### How to complete this task
Would you write out the entries that follow word for word, omitting any images?

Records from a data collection
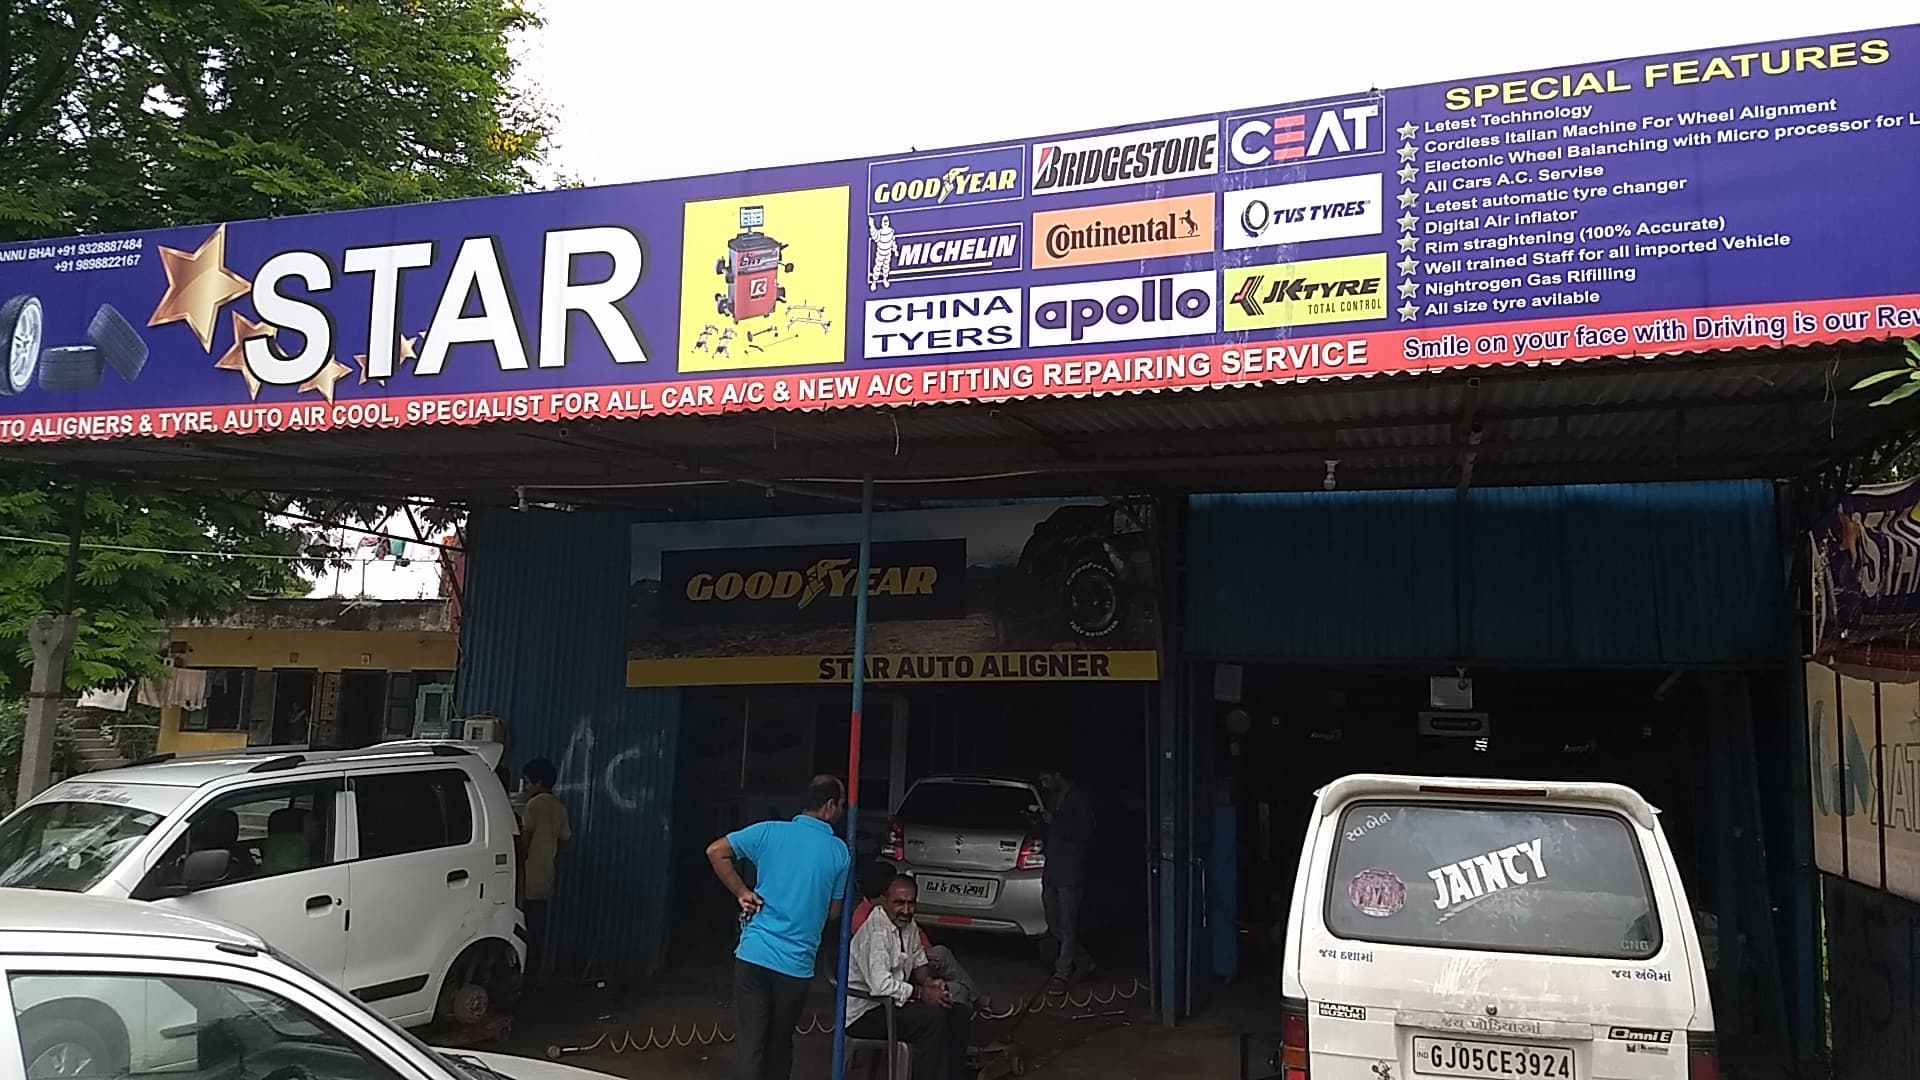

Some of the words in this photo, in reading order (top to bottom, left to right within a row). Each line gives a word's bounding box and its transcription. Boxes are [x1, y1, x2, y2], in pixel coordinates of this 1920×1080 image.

[1445, 70, 1632, 110] SPECIAL
[1645, 39, 1890, 88] FEATURES
[1231, 104, 1379, 165] CEAT
[1424, 115, 1477, 134] Letest
[1481, 104, 1593, 127] Techhnology
[1424, 134, 1501, 153] Cordless
[1505, 128, 1558, 144] Italian
[1563, 120, 1638, 138] Machine
[1642, 116, 1674, 129] For
[1677, 108, 1735, 125] Wheel
[1740, 98, 1838, 120] Alignment
[1425, 153, 1504, 173] Electonic
[1508, 146, 1562, 164] Wheel
[1567, 138, 1668, 158] Balanching
[1673, 131, 1712, 147] with
[1717, 126, 1769, 143] Micro
[1775, 119, 1871, 140] processor
[1875, 114, 1905, 128] for
[1034, 134, 1217, 190] BRIDGESTONE
[1424, 180, 1447, 194] All
[1452, 177, 1492, 190] Cars
[1496, 172, 1533, 186] A.C.
[1538, 165, 1604, 182] Servise
[1425, 198, 1478, 214] Letest
[1482, 189, 1568, 208] automatic
[1572, 185, 1608, 201] tyre
[1612, 178, 1688, 196] changer
[1274, 207, 1307, 225] TVS
[1310, 200, 1366, 221] TYRES
[1425, 217, 1479, 235] Digital
[1484, 214, 1511, 228] Air
[1515, 209, 1578, 225] inflator
[898, 234, 1017, 267] MICHELIN
[1046, 213, 1177, 259] Continental
[1425, 241, 1459, 254] Rim
[1463, 231, 1575, 250] straghtening
[1579, 223, 1632, 243] (100%
[1636, 215, 1726, 236] Accurate)
[28, 246, 56, 260] BHAI
[57, 244, 76, 256] +91
[54, 260, 74, 272] +91
[1425, 260, 1462, 275] Well
[1466, 254, 1528, 271] trained
[1532, 249, 1574, 265] Staff
[1578, 248, 1605, 261] for
[1608, 245, 1630, 259] all
[1635, 238, 1717, 258] imported
[1722, 233, 1791, 250] Vehicle
[1425, 277, 1522, 296] Nightrogen
[1527, 273, 1562, 287] Gas
[1567, 267, 1636, 283] Rifilling
[244, 225, 649, 386] STAR
[874, 295, 1013, 323] CHINA
[1035, 278, 1211, 341] apollo
[1308, 303, 1336, 315] TOTAL
[1340, 298, 1382, 312] CONTROL
[1425, 303, 1448, 316] All
[1453, 299, 1488, 314] size
[1492, 297, 1527, 312] tyre
[1531, 290, 1601, 308] avilable
[872, 325, 1013, 353] TYERS
[1405, 336, 1469, 360] Smile
[1476, 336, 1507, 354] on
[1514, 331, 1569, 356] your
[1575, 325, 1628, 347] face
[1633, 318, 1686, 343] with
[1693, 312, 1786, 340] Driving
[1793, 311, 1816, 333] is
[1825, 310, 1869, 332] our
[30, 414, 133, 437] ALIGNERS
[138, 414, 152, 437] &
[223, 408, 282, 429] AUTO
[288, 406, 325, 427] AIR
[332, 403, 401, 425] COOL,
[406, 395, 544, 422] SPECIALIST
[550, 392, 600, 415] FOR
[606, 390, 654, 412] ALL
[661, 385, 714, 408] CAR
[721, 382, 765, 405] A/C
[772, 380, 791, 402] &
[799, 375, 860, 400] NEW
[867, 373, 913, 398] A/C
[922, 366, 1034, 393] FITTING
[1043, 353, 1211, 386] REPAIRING
[1221, 339, 1368, 374] SERVICE
[896, 655, 974, 680] AUTO
[980, 654, 1110, 679] ALIGNER
[1427, 838, 1548, 910] JAINCY
[1620, 939, 1649, 951] CNG
[1320, 1003, 1365, 1014] MARUTI
[1320, 1009, 1365, 1020] SUZUKI
[1417, 1050, 1429, 1060] IND
[1431, 1044, 1570, 1079] GJ05CE3924

### Final answer
Some of the words in this photo, in reading order (top to bottom, left to right within a row). Each line gives a word's bounding box and its transcription. Boxes are [x1, y1, x2, y2], in pixel coordinates of this 1920×1080 image.

[1445, 70, 1632, 110] SPECIAL
[1645, 39, 1890, 88] FEATURES
[1231, 104, 1379, 165] CEAT
[1424, 115, 1477, 134] Letest
[1481, 104, 1593, 127] Techhnology
[1424, 134, 1501, 153] Cordless
[1505, 128, 1558, 144] Italian
[1563, 120, 1638, 138] Machine
[1642, 116, 1674, 129] For
[1677, 108, 1735, 125] Wheel
[1740, 98, 1838, 120] Alignment
[1425, 153, 1504, 173] Electonic
[1508, 146, 1562, 164] Wheel
[1567, 138, 1668, 158] Balanching
[1673, 131, 1712, 147] with
[1717, 126, 1769, 143] Micro
[1775, 119, 1871, 140] processor
[1875, 114, 1905, 128] for
[1034, 134, 1217, 190] BRIDGESTONE
[1424, 180, 1447, 194] All
[1452, 177, 1492, 190] Cars
[1496, 172, 1533, 186] A.C.
[1538, 165, 1604, 182] Servise
[1425, 198, 1478, 214] Letest
[1482, 189, 1568, 208] automatic
[1572, 185, 1608, 201] tyre
[1612, 178, 1688, 196] changer
[1274, 207, 1307, 225] TVS
[1310, 200, 1366, 221] TYRES
[1425, 217, 1479, 235] Digital
[1484, 214, 1511, 228] Air
[1515, 209, 1578, 225] inflator
[898, 234, 1017, 267] MICHELIN
[1046, 213, 1177, 259] Continental
[1425, 241, 1459, 254] Rim
[1463, 231, 1575, 250] straghtening
[1579, 223, 1632, 243] (100%
[1636, 215, 1726, 236] Accurate)
[28, 246, 56, 260] BHAI
[57, 244, 76, 256] +91
[54, 260, 74, 272] +91
[1425, 260, 1462, 275] Well
[1466, 254, 1528, 271] trained
[1532, 249, 1574, 265] Staff
[1578, 248, 1605, 261] for
[1608, 245, 1630, 259] all
[1635, 238, 1717, 258] imported
[1722, 233, 1791, 250] Vehicle
[1425, 277, 1522, 296] Nightrogen
[1527, 273, 1562, 287] Gas
[1567, 267, 1636, 283] Rifilling
[244, 225, 649, 386] STAR
[874, 295, 1013, 323] CHINA
[1035, 278, 1211, 341] apollo
[1308, 303, 1336, 315] TOTAL
[1340, 298, 1382, 312] CONTROL
[1425, 303, 1448, 316] All
[1453, 299, 1488, 314] size
[1492, 297, 1527, 312] tyre
[1531, 290, 1601, 308] avilable
[872, 325, 1013, 353] TYERS
[1405, 336, 1469, 360] Smile
[1476, 336, 1507, 354] on
[1514, 331, 1569, 356] your
[1575, 325, 1628, 347] face
[1633, 318, 1686, 343] with
[1693, 312, 1786, 340] Driving
[1793, 311, 1816, 333] is
[1825, 310, 1869, 332] our
[30, 414, 133, 437] ALIGNERS
[138, 414, 152, 437] &
[223, 408, 282, 429] AUTO
[288, 406, 325, 427] AIR
[332, 403, 401, 425] COOL,
[406, 395, 544, 422] SPECIALIST
[550, 392, 600, 415] FOR
[606, 390, 654, 412] ALL
[661, 385, 714, 408] CAR
[721, 382, 765, 405] A/C
[772, 380, 791, 402] &
[799, 375, 860, 400] NEW
[867, 373, 913, 398] A/C
[922, 366, 1034, 393] FITTING
[1043, 353, 1211, 386] REPAIRING
[1221, 339, 1368, 374] SERVICE
[896, 655, 974, 680] AUTO
[980, 654, 1110, 679] ALIGNER
[1427, 838, 1548, 910] JAINCY
[1620, 939, 1649, 951] CNG
[1320, 1003, 1365, 1014] MARUTI
[1320, 1009, 1365, 1020] SUZUKI
[1417, 1050, 1429, 1060] IND
[1431, 1044, 1570, 1079] GJ05CE3924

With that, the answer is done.